_Listed entries_
=== Begin Enclosure ===
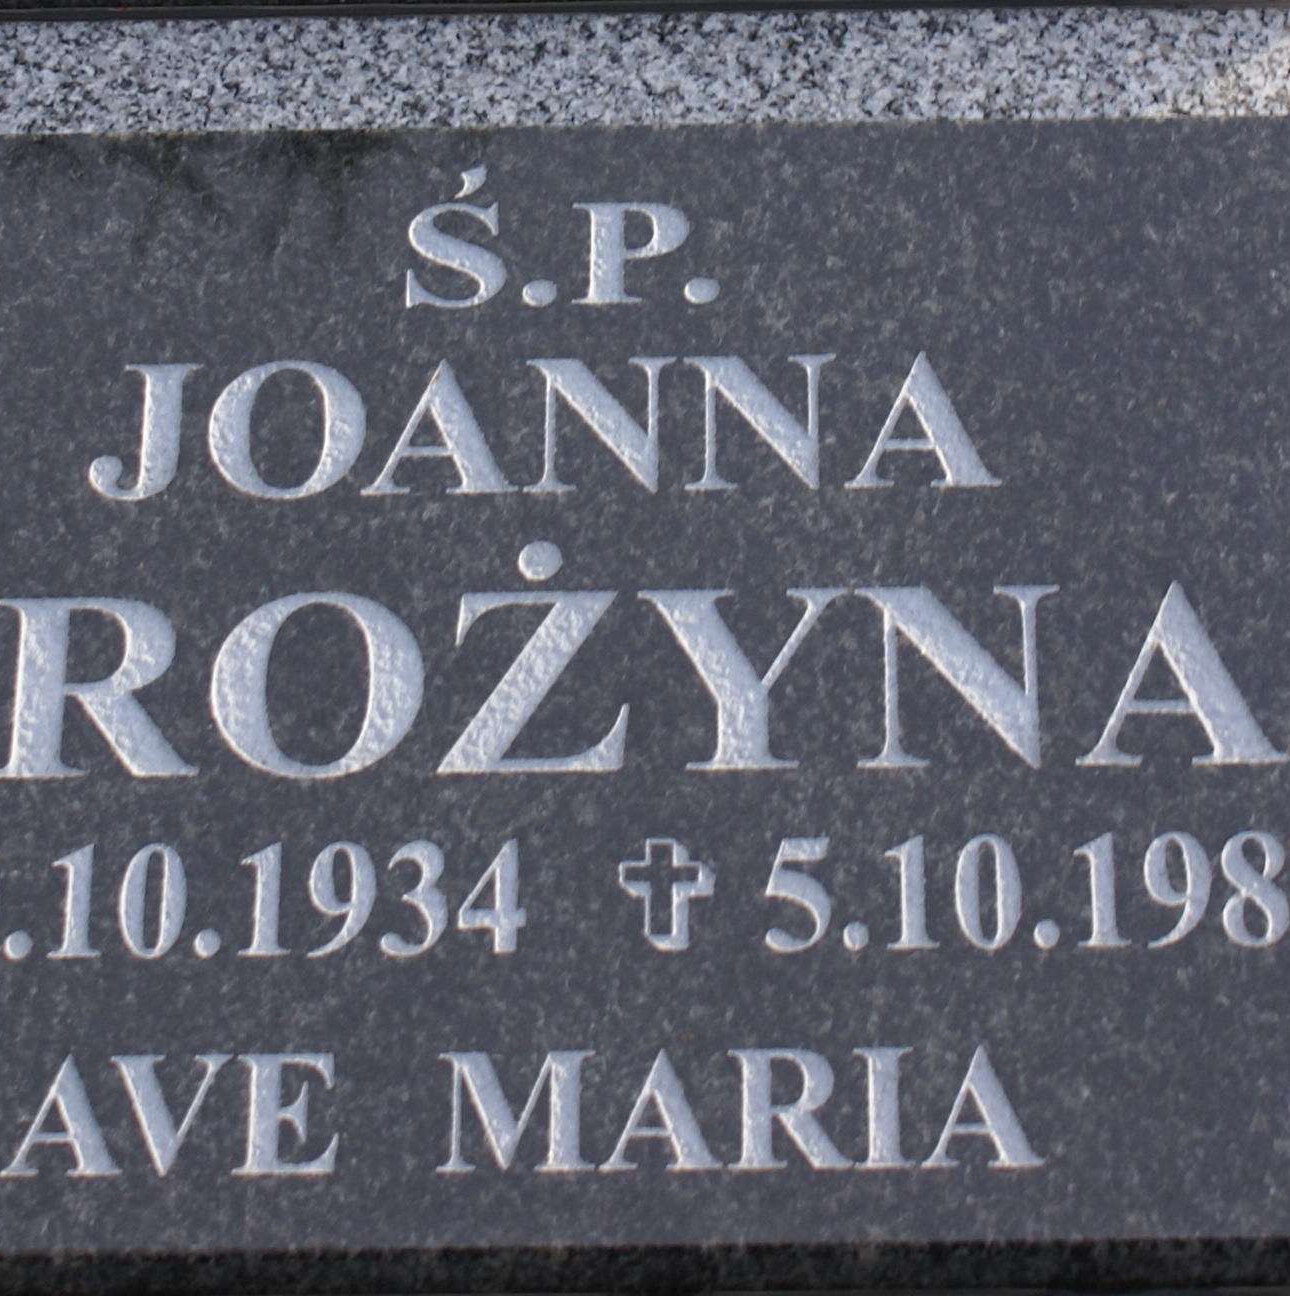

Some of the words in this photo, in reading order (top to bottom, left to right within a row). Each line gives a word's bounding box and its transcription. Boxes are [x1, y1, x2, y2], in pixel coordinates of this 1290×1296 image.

[404, 164, 719, 309] Ś.P.
[86, 352, 1003, 503] JOANNA
[435, 1045, 1045, 1175] MARIA
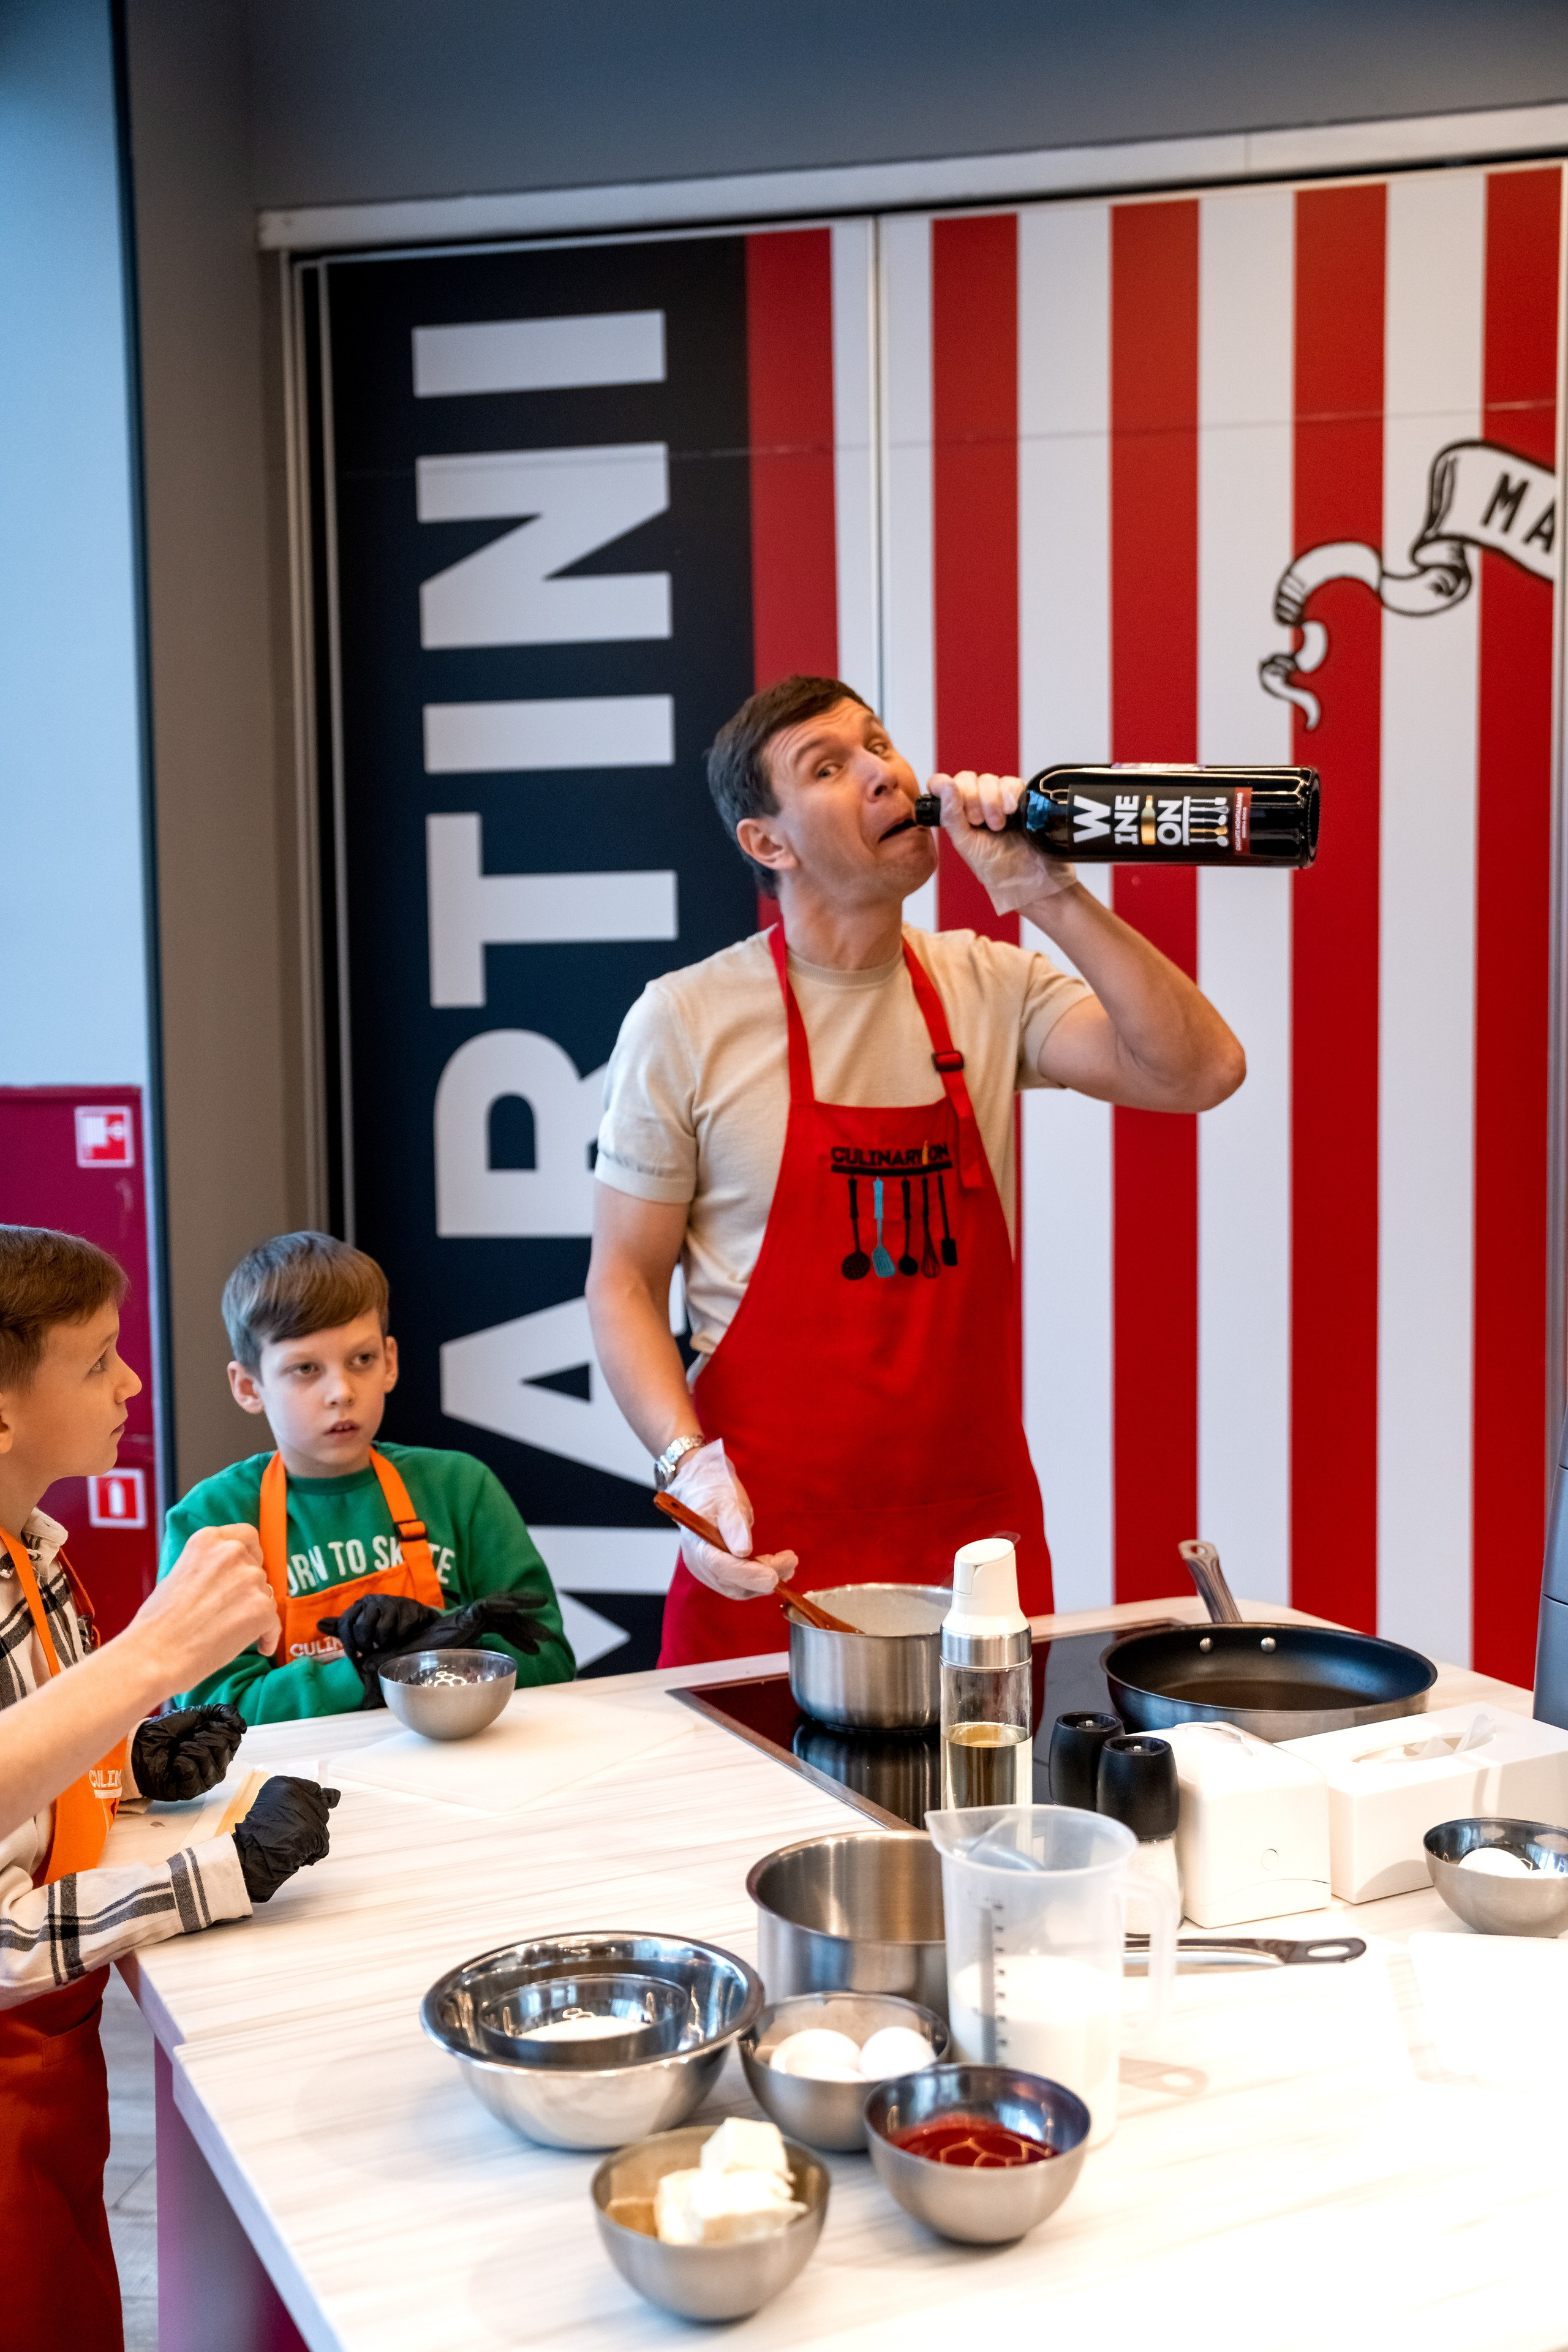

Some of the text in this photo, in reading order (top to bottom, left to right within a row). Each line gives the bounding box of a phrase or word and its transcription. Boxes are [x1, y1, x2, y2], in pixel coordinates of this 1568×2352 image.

[1114, 794, 1140, 845] INE
[1157, 799, 1183, 845] ON
[287, 1535, 456, 1597] RN TO SKE
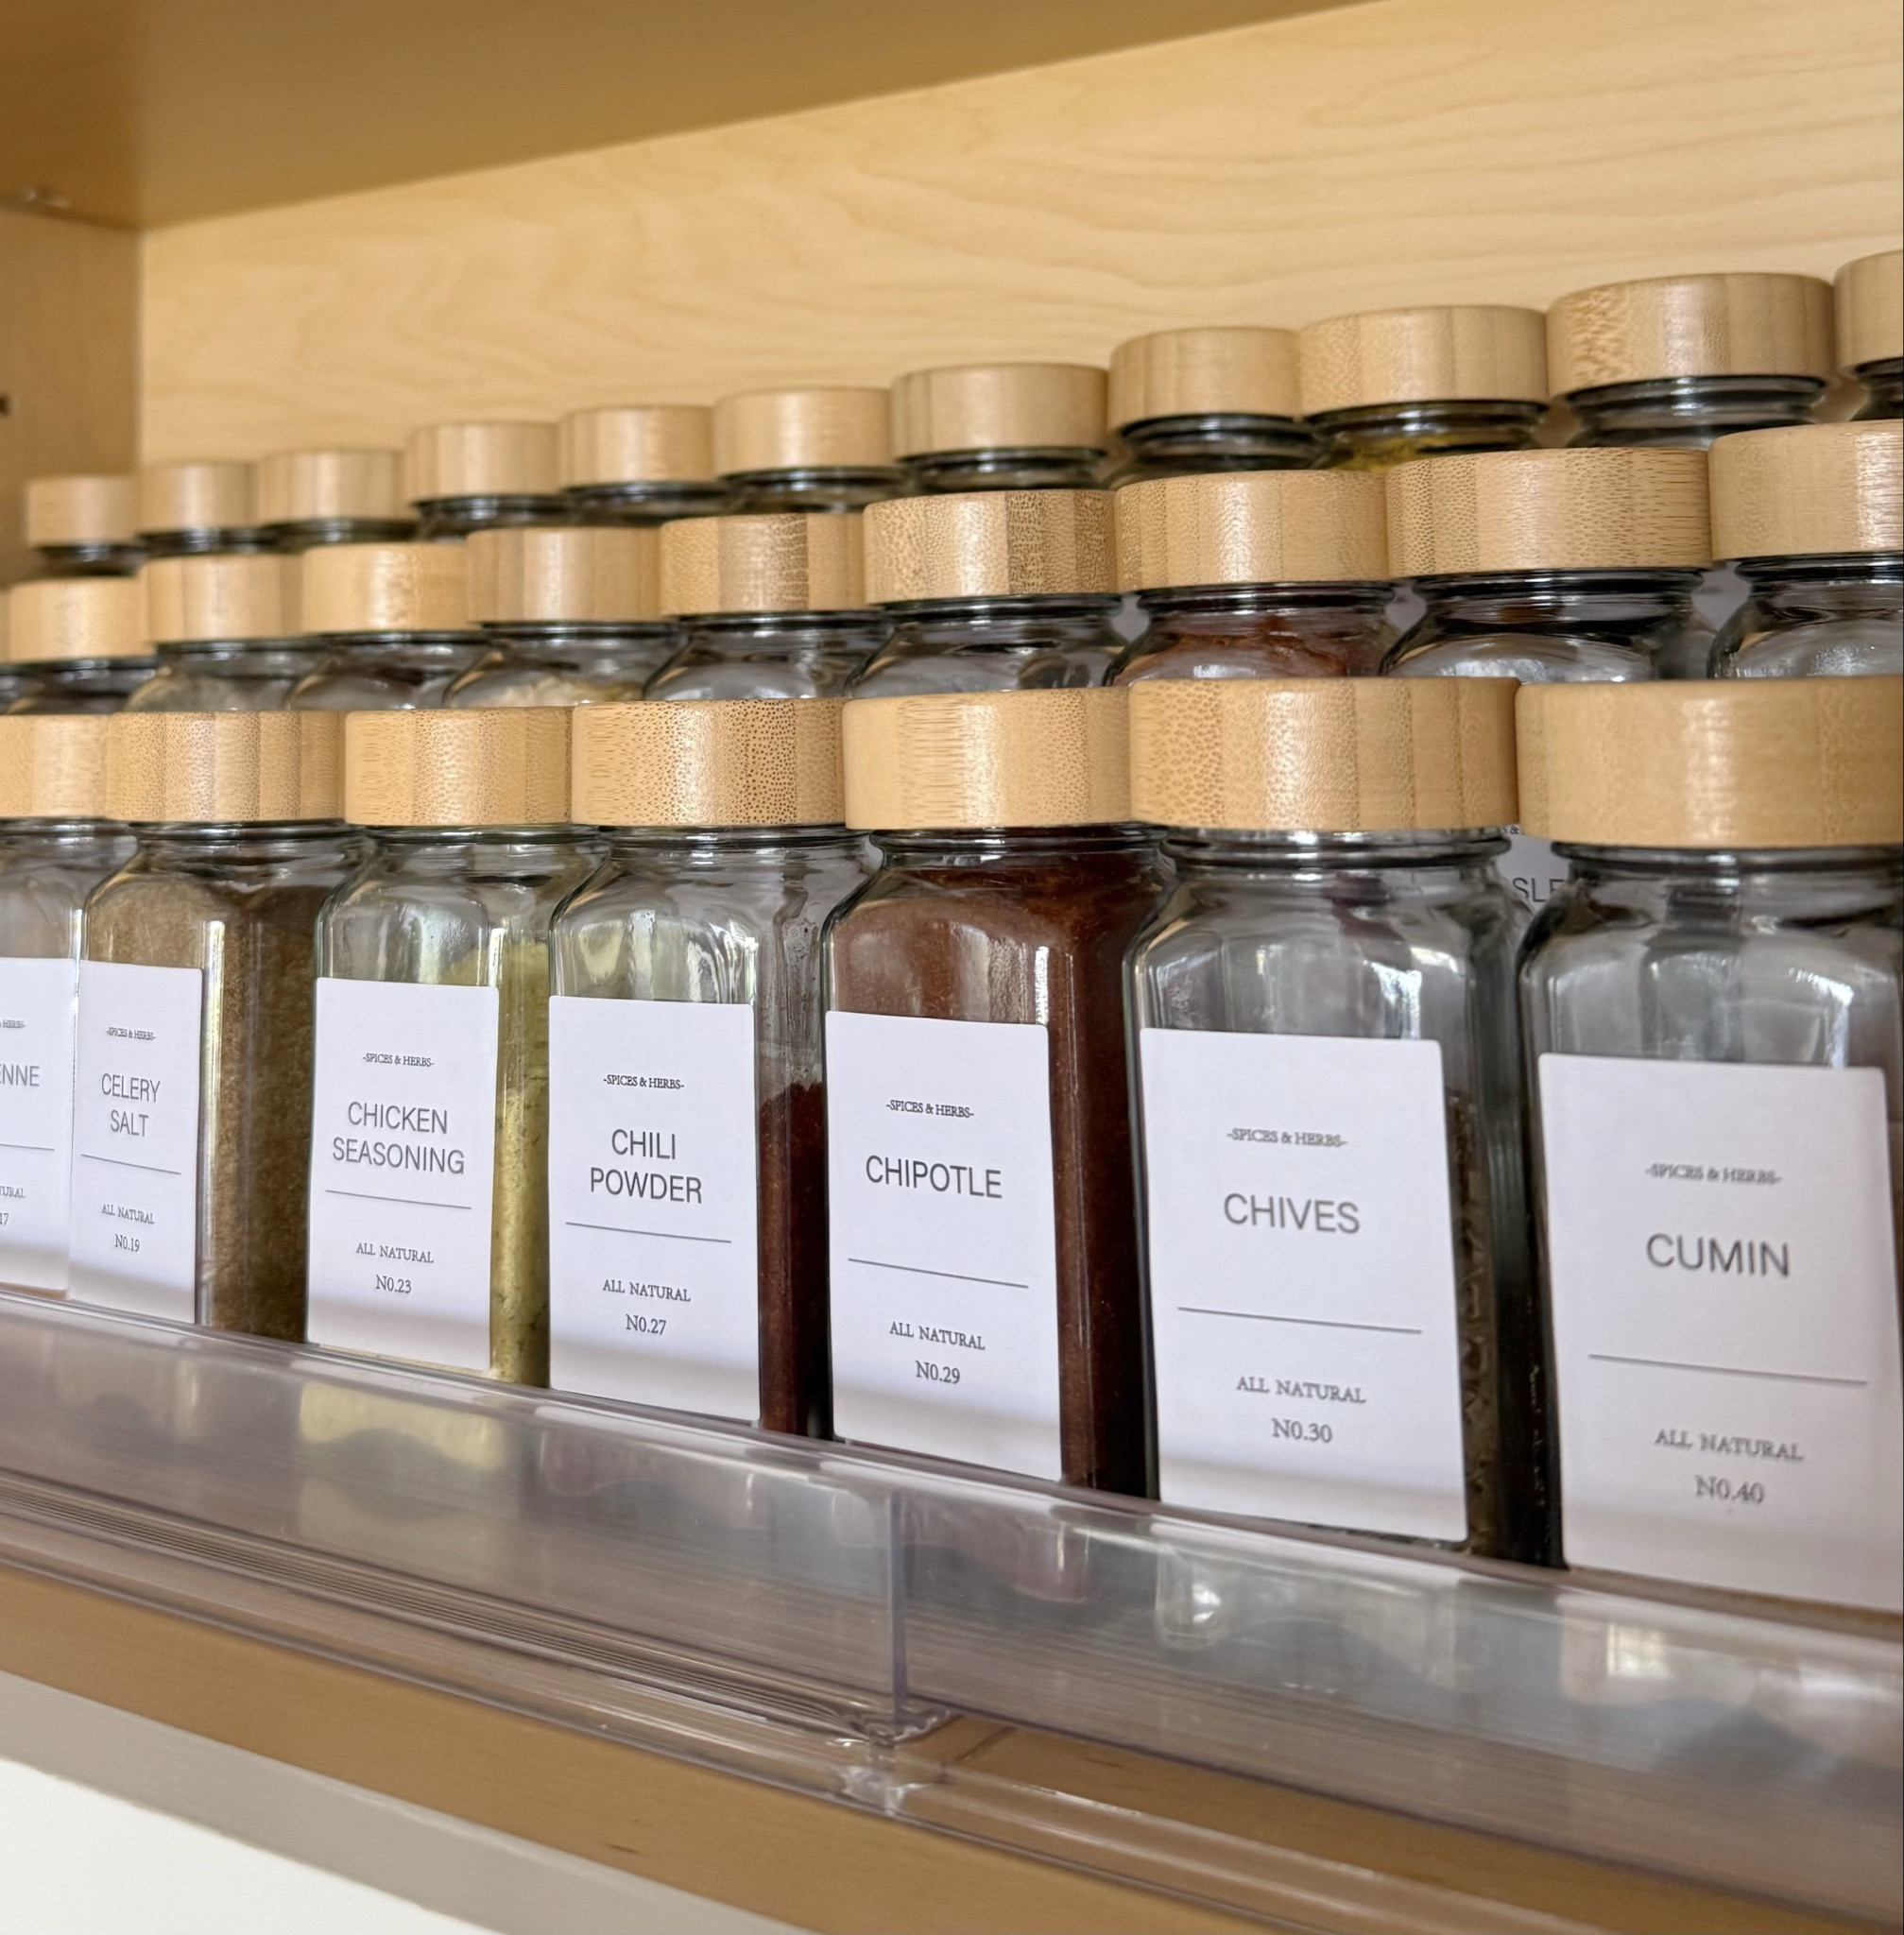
=== End Enclosure ===
_The task_
From the line containing "Some of the text" through the final line of the records, write out each line exactly, and include no pictures.

_Your solution_
Some of the text in this photo, in reading order (top to bottom, left to right within a row). Each line gives the bounding box of a phrase or word and its transcription. Boxes are [x1, y1, x2, y2], in pixel coordinates of this 1568×2352 image.

[1114, 794, 1140, 845] INE
[1157, 799, 1183, 845] ON
[287, 1535, 456, 1597] RN TO SKE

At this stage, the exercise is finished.